The clinical and cost-effectiveness of elective primary total knee replacement with PAtellar Resurfacing compared to selective patellar resurfacing. A pragmatic multicentre randomised controlled Trial with blinding (PART)
Status: Recruiting
Sponsor: North Bristol NHS Trust
Controlling pain and improving mobility in the long-term after knee replacement surgery has been highlighted as a research priority by patients. There are two ways to carry out this surgery:
- the kneecap (patella) is unaltered during the operation.
- the surgeon attaches a separate artificial implant to the back of the kneecap, which may help reduce further wear or pain. This is known as resurfacing the kneecap.
Resurfacing is an extra step in the operation which takes time and sometimes causes problems later.
Not resurfacing can cause long-term knee pain, and further surgery may be needed, resulting in risks for patients and expense to the NHS.

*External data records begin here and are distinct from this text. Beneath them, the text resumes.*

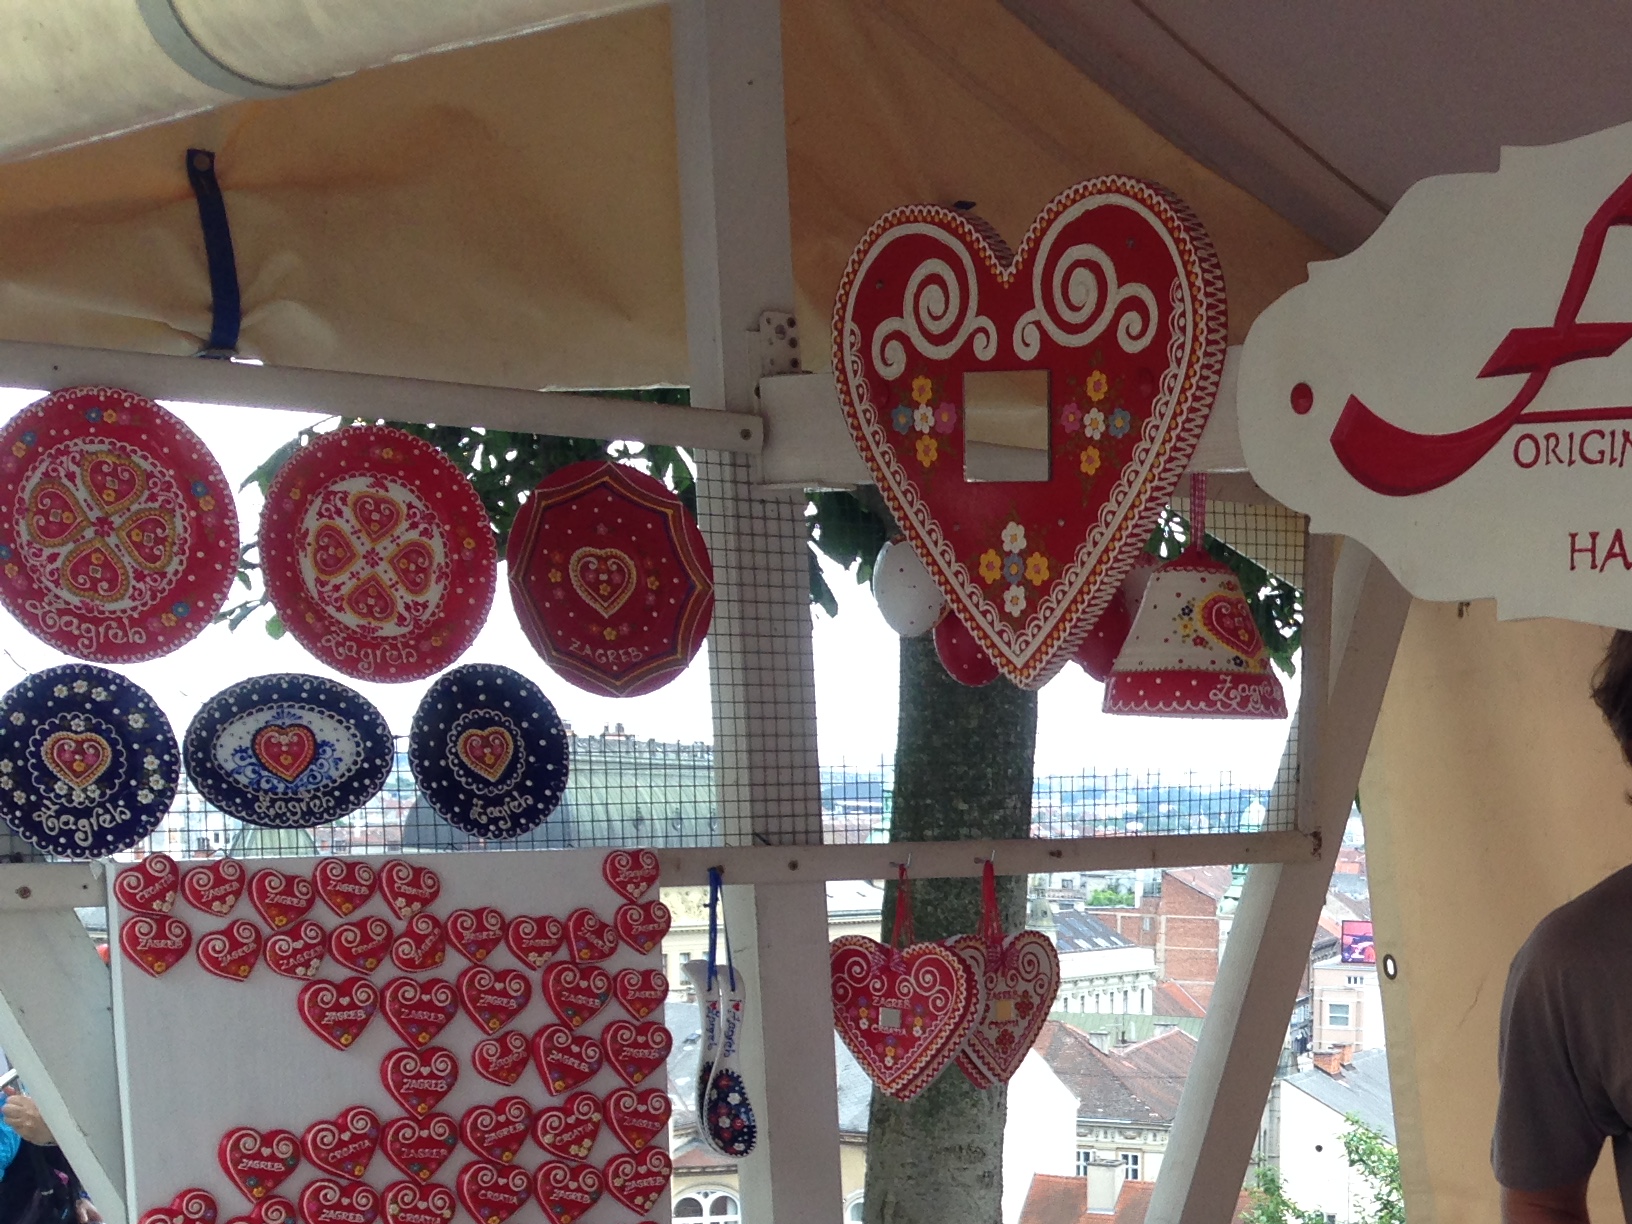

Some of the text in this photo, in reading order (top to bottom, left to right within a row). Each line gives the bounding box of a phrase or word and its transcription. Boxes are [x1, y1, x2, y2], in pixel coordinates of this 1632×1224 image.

[26, 597, 147, 652] Zagreb
[321, 628, 418, 673] Zagreb
[567, 638, 644, 664] ZAGREB
[253, 790, 335, 823] Zagreb
[469, 792, 534, 829] Zagreb
[33, 799, 131, 847] Zagreb
[871, 996, 912, 1009] ZAGREB
[546, 1051, 590, 1073] ZAGREB
[400, 1078, 448, 1093] ZAGREB
[483, 1122, 526, 1146] ZAGREB
[555, 1122, 595, 1146] CROATIA
[328, 1139, 372, 1163] CROATIA
[237, 1158, 285, 1172] ZAGREB
[477, 1190, 518, 1204] CROATIA
[549, 1188, 591, 1204] ZAGREB
[623, 1177, 666, 1194] ZAGREB
[318, 1208, 365, 1224] ZAGREB

Recent national guidelines compared resurfacing the kneecap in all patients with never resurfacing the kneecap. They concluded that in the long-term always resurfacing was better than never resurfacing.
However, many surgeons make an individual choice about whether to resurface the kneecap, based on factors such as pain and the condition of the kneecap. We call this selective resurfacing. The National Institute for Health and Care Excellence (NICE) highlighted a need for research about whether selective resurfacing is better than always resurfacing during knee replacement.
Our study will compare patients undergoing knee replacement who all have the kneecap resurfaced with those who have it selectively resurfaced.
We would like to find out which strategy gives better outcomes for patients, and whether one is better value for money for the NHS.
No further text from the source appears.